Because using proprietary standards puts you at the mercy of the technology owner
It was made an open standard about a year ago
Didn't know that, that's fine then
https://eur-lex.europa.eu/legal-content/EN/TXT/?uri=celex%3A32014L0094
There is a placed by law standard in the European Union, don't know if the US has the same.
In this case there is, it's called the North American Charging Standard! Granted, Tesla did name it that way just last year, before it became a standard, but hey, at least it worked out in the end. Probably.
We had a standard before that, it was called CCS. Musk changing the name of his charger doesn't make it a defacto standard, no matter what the Muskites tell you.
No, but the majority of carmakes adopting it does.
that is absolutely not true. most standards AREN'T mandated by law. ANSI is voluntary for example. USB is a standard that isn't written into law, you get the picture
I guess I don't understand the problem. Companies use the superior standard. Innovation is good. Look at NACS charging plug, everyone has given up on CCS in the US and signed up to switch. Despite the government mandating CCS in charge stations
While I understand with what you're saying, I personally believe that regulating standards during the early days of an industry is just asking for trouble.

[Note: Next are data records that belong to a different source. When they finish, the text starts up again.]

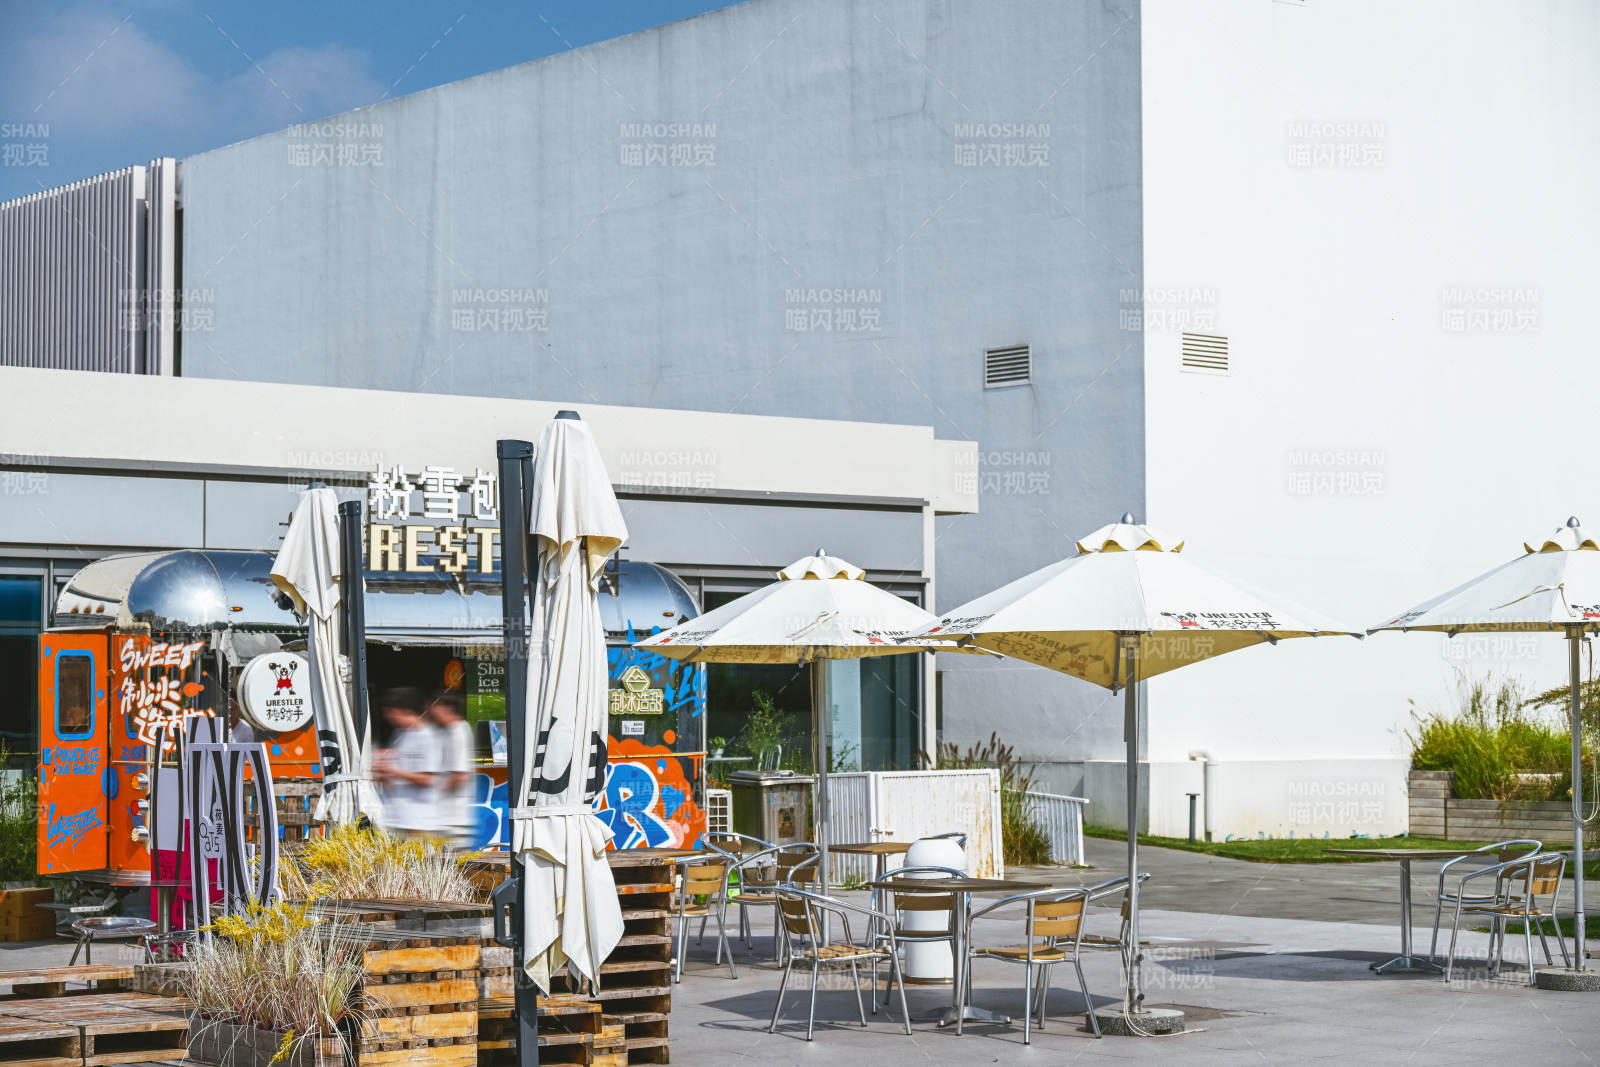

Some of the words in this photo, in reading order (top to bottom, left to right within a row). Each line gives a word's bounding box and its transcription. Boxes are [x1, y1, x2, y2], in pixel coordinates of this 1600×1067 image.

[367, 524, 500, 573] REST
[120, 638, 205, 672] SWEET
[478, 662, 504, 676] Sha
[479, 676, 500, 687] ice
[611, 691, 662, 712] 制冰造甜

It often isn't until later on that we truly understand what we need out of a standard. This can take iterations and different approaches. I think it is too big a risk to potentially be hamstrung with a shitty solution later on
EDIT: the guy I'm replying to edited his comment. Originally he asked something along the lines of "why didn't they mandate the tesla plug"

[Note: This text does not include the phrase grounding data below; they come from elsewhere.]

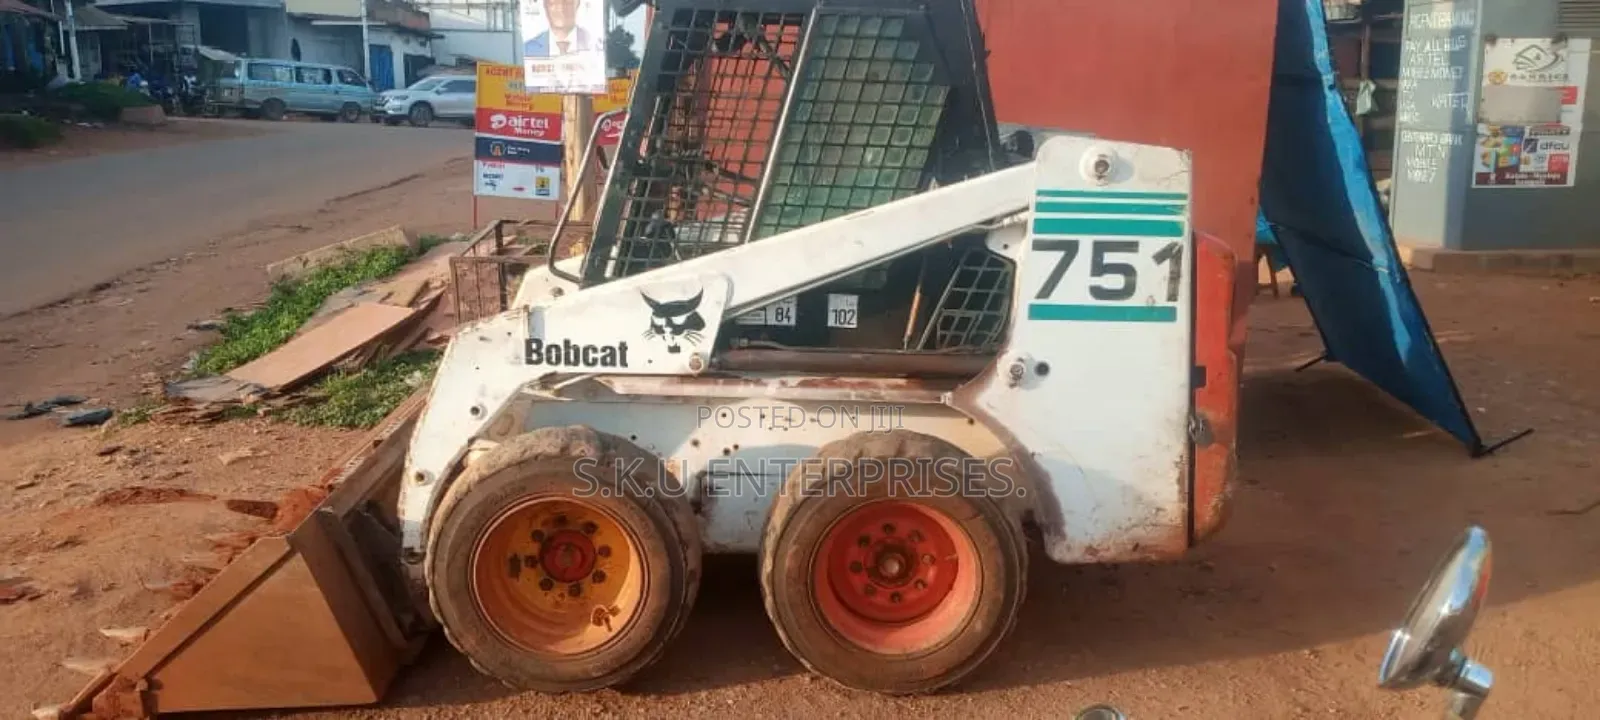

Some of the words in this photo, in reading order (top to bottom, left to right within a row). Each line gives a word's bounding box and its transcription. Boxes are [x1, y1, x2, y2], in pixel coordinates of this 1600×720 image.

[508, 115, 549, 130] airtel
[1032, 239, 1184, 302] 751
[775, 307, 792, 323] 84
[831, 308, 856, 326] 102
[524, 338, 628, 368] Bobcat
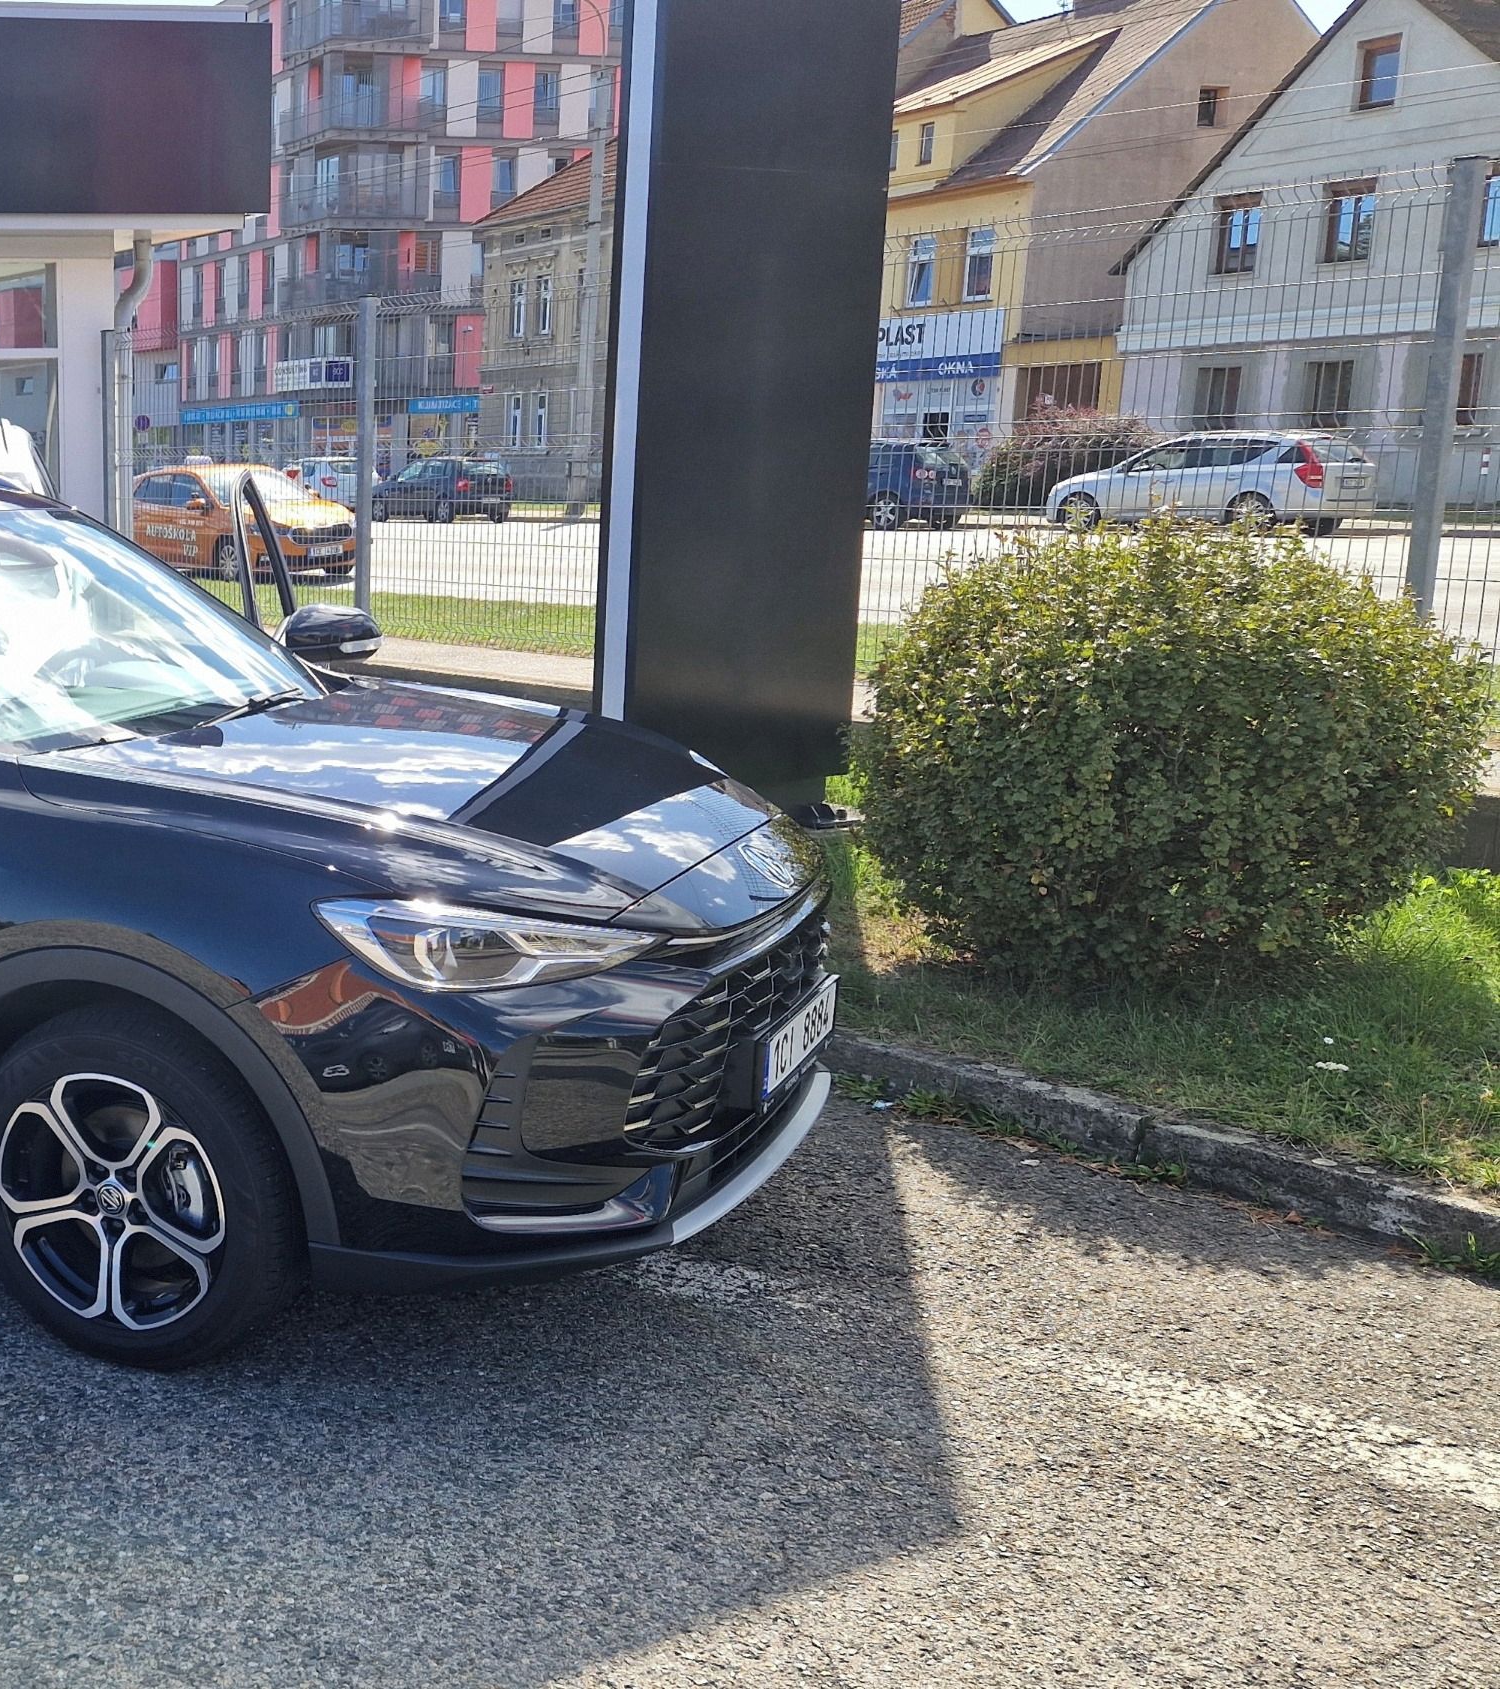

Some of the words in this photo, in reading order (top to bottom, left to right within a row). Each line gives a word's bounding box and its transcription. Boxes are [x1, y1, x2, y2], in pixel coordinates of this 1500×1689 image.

[938, 361, 974, 376] OKNA
[146, 524, 197, 541] AUTOŠKOLA
[183, 544, 199, 556] VIP
[803, 992, 830, 1051] 8884

so the government should've mandated a closed protocol that wasn't a standard?
well, we'll have to agree to disagree on that. I think it's easy to say that with hindsight, but you don't know where standards are needed when things are first getting going
It was, actually. Many people are still skeptical of that even. Some people still think hydrogen is the future
because, from what I understnad, only the newest tesla chargers will support non-teslas charging, which is gonna leave a shitton of older chargers as tesla exclusive.
and overnight renders all the investment and infrastructure thats been built for J1772/CCS Type1/2 completely pointless and wasted effort almost overnight.
I could be mistaken, but I don't think it's that grim. J1772 will still be good for supporting vehicles and locations that don't support DC charging. Level 2 will continue to be useful for years since the grid doesn't support Level 3 charging just anywhere.
And CCS 1/2 will support NACS with relatively simple adapters as I understand it. Existing DC charging stations can simply replace their CCS 1/2 ends with NACS over time when they would be replaced for maintenance anyway, and perhaps provide adapters in the meantime.
I highly recommend this video from Technology Connections which changed my mind about this.
(To be fair, as an owner of a PHEV that can't use DC charging anyway it doesn't make much difference to me though.)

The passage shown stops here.